I've just opened a Spread Betting Account too.

Am thinking of shorting the FTSE soon, and the DOW when it maybe gets to 14400.

On another note:

Has anyone succesfully hedged on DOW and FTSE? i.e. Buy one and sell other, at the correct ratios (~2:1) since they are so very closely linked. The idea being to try and catch big swings in the market, so if FTSE loses 200 points (which you'd have say a SELL bet on) , and DOW say lost 400 (which you'd have a BUY bet on). With stop losses set on each at 100 pts for FTSE and 200 pts for DOW, it would mean my buy bet would be cancelled at 200 points loss, and my sell bet would continue, meaning a profit of 100 pts multiplied by stake.

Up until a big swing or fluctuation occurs, you just keep both bets open, adjusting the stop losses appropriately at daily intervals.

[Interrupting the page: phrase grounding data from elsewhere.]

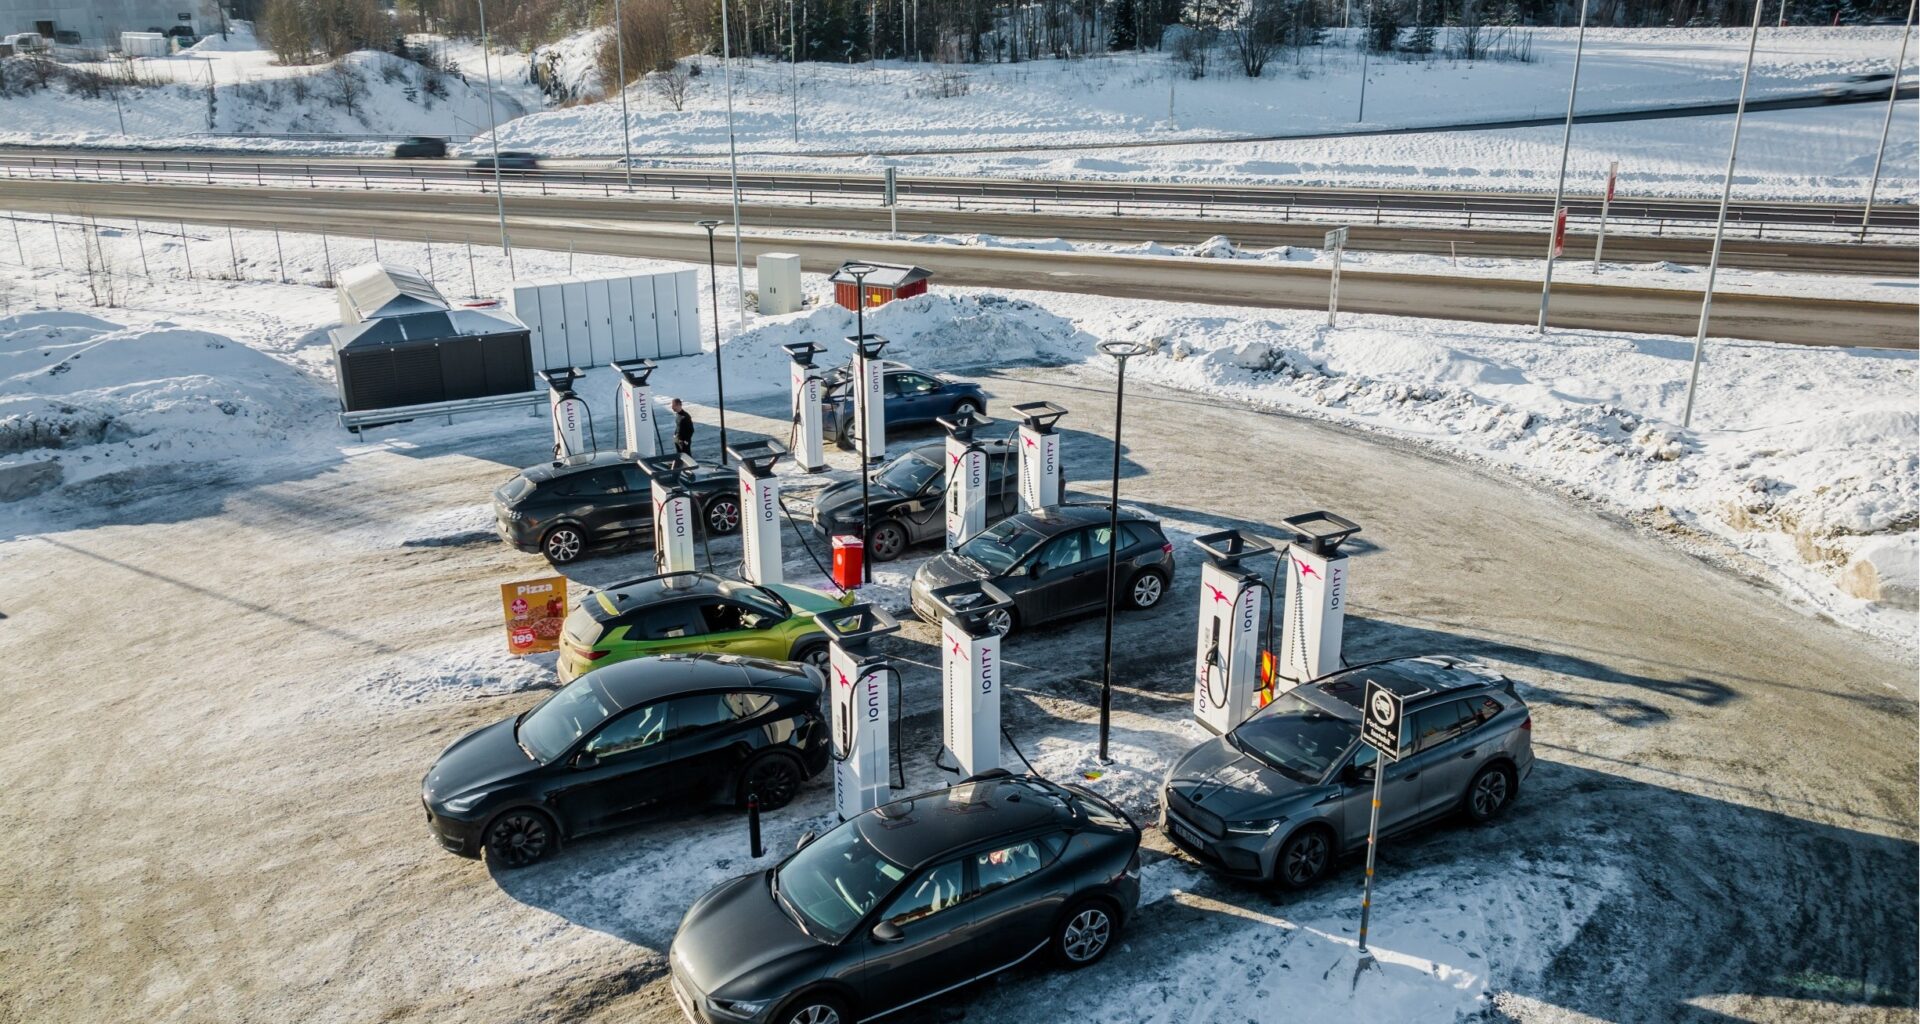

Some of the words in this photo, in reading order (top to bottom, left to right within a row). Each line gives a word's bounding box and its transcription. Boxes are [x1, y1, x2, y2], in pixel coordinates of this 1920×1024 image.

[566, 402, 575, 432] IONITY
[675, 500, 684, 536] IONITY
[764, 486, 772, 521] IONITY
[517, 584, 552, 595] Pizza
[1331, 568, 1341, 610] IONITY
[1244, 590, 1254, 632] IONITY
[512, 633, 534, 644] 199
[982, 648, 991, 694] IONITY
[1199, 666, 1208, 713] IONITY
[868, 674, 879, 722] IONITY

The idea being that your spread bet account floats at around the zero profit mark whilst the market has its normal daily fluctuations, but when theres a big jump or fall on bad news then thats when you take profit. Meaning you don't have to call the market at the start of the day, you have just set yourself up for large up swings or down swings.

Is this concept fundamentally flawed somewhere? Obviously if the stop losses are not appropriately set, then they could catch in the normal swings of the day.

Why do people think NR will fall again?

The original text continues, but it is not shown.